Exercise:
Leave out all lines before the one containing "this 1673×1116 image.", and copy that line and all the rest below it exactly.

Input data:
*** Block opens ***
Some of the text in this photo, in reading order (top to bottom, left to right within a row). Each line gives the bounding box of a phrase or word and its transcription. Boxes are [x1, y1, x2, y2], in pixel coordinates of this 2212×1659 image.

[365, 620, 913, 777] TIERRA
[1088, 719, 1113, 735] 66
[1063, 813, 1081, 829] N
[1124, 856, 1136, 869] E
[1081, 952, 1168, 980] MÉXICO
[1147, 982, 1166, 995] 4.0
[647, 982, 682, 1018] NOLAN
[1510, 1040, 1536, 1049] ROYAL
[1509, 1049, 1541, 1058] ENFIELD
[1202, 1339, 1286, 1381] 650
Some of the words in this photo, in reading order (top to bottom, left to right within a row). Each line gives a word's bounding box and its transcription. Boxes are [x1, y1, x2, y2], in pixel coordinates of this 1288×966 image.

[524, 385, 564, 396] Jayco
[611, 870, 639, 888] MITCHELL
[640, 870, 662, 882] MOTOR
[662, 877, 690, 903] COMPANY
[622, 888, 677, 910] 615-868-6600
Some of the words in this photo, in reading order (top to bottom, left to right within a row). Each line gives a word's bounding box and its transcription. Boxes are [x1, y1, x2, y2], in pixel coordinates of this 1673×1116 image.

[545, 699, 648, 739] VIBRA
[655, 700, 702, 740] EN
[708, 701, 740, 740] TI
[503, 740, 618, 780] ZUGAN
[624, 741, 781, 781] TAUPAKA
*** Block closes ***
Task answer:
Some of the words in this photo, in reading order (top to bottom, left to right within a row). Each line gives a word's bounding box and its transcription. Boxes are [x1, y1, x2, y2], in pixel coordinates of this 1673×1116 image.

[545, 699, 648, 739] VIBRA
[655, 700, 702, 740] EN
[708, 701, 740, 740] TI
[503, 740, 618, 780] ZUGAN
[624, 741, 781, 781] TAUPAKA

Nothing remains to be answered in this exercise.